Jack knew that wouldn’t work either. He was imaginary, wasn’t he? But then he was when he pushed the swing, though he didn’t know it then. Did knowing make a difference to reality?
“Now.”
He obeyed by standing behind Amy’s mother. His hand skimmed through a thin layer of iridescent suds emitting a seaside aroma. When he raised his hand, bubbles slithered off; his fingers reassuringly moist. If he affected the water, then would Nicole Kidman feel his touch? He weighed up the mission to massage shoulders, which hid beneath a veil of auburn hair. If his imaginariness, via Amy, could be shared now, perhaps he’d exist for her mother later–with privacy. Then a more pleasurable existence would follow. He smiled. For the first time? He glanced at Amy. She smiled too, but surely she hadn’t twigged his carnal intentions? No, she merely enjoyed the experiment to see her mother adulterated.
Amy held an amber bottle of massage oil and tipped too much onto Jack’s hands. He rubbed and inhaled Sandalwood. His fingertips brushed aside long ringlets; more proof he must exist for her. He flexed his fingers then placed his thumbs at the nape of her neck.
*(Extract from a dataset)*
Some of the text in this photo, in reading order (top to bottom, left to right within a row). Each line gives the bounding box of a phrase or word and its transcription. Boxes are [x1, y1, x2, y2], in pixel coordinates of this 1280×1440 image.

The water erupted as the woman grabbed him, pulling him over her head. He was too shocked to struggle and so forward-rolled, landing on his back in the bath on top of naked legs. Spluttering, he put out his hands to the bath’s sides. A panicked thought shrieked at him–she might try to drown him, thinking he was an intruder, a rapist.
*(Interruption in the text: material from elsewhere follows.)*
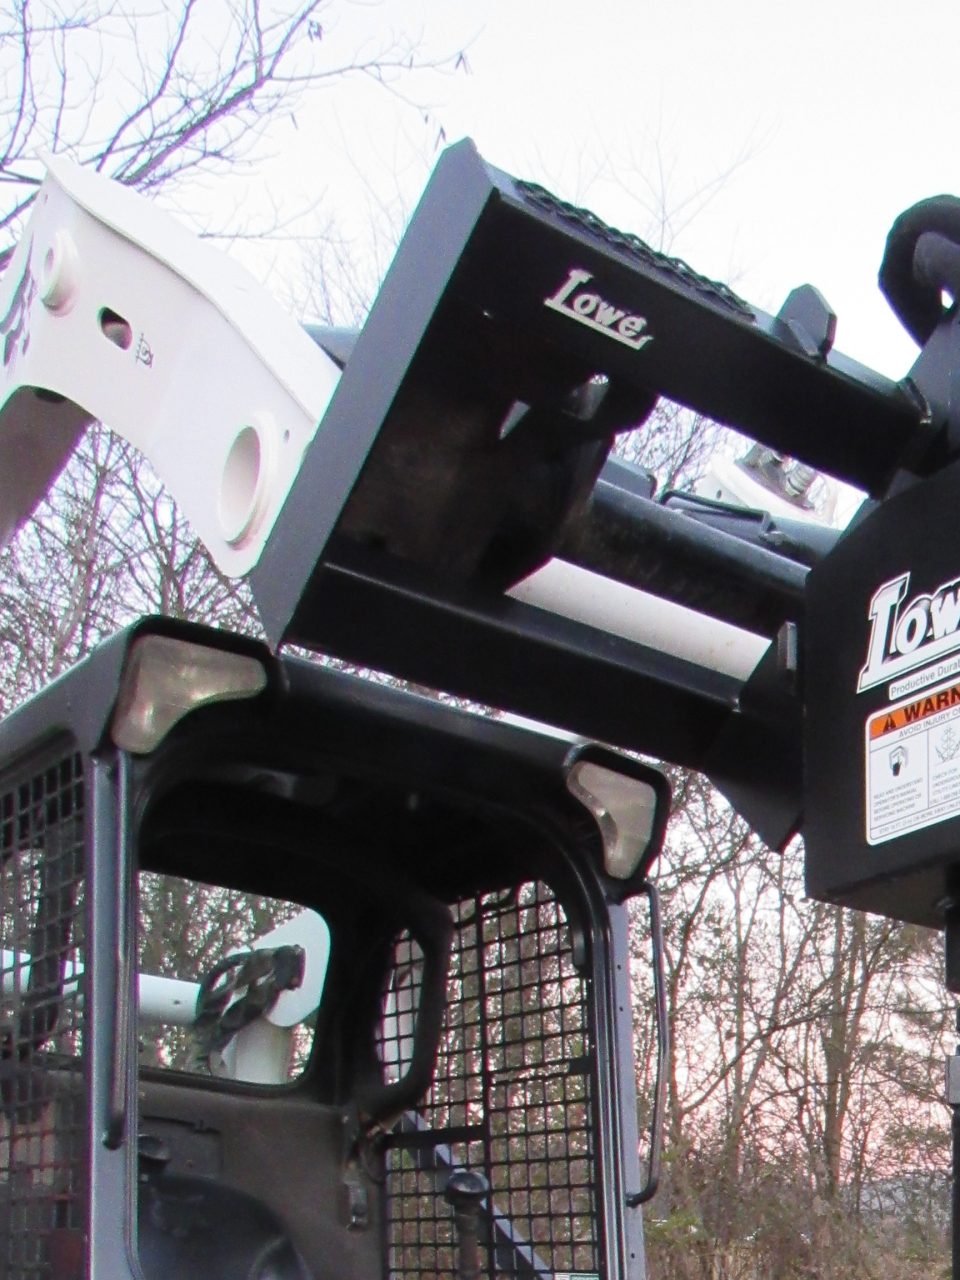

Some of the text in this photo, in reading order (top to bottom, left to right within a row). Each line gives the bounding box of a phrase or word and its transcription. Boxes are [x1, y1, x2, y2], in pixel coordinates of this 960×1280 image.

[544, 269, 653, 350] Lowe
[891, 671, 935, 697] Productive
[899, 723, 922, 738] AVOID
[923, 711, 950, 729] INJURY
“Please! Please, I’m sorry. I was only following Amy’s—” Through the floating suds he saw the girl silently laughing. At him, or at the scene?
His excessively-oiled hands slipped but instead of being helped, his head was ducked under water.
After a struggle, he surfaced and sucked in soapy but welcome air. The woman had him trapped. He tried to reason with her. “This. . . is ridiculous,” he gasped. “I wasn’t. . . attack. . . ing you.”
Her grip slackened, but only as a concession and he was still in her control. The woman spoke as though amusing herself. “All right. What’s your name?”
“Jack.”
“Mine’s Bonnie.”
“Really? As in Bonnie and Clyde? But that means you’re also an imag…. Nooooooo.”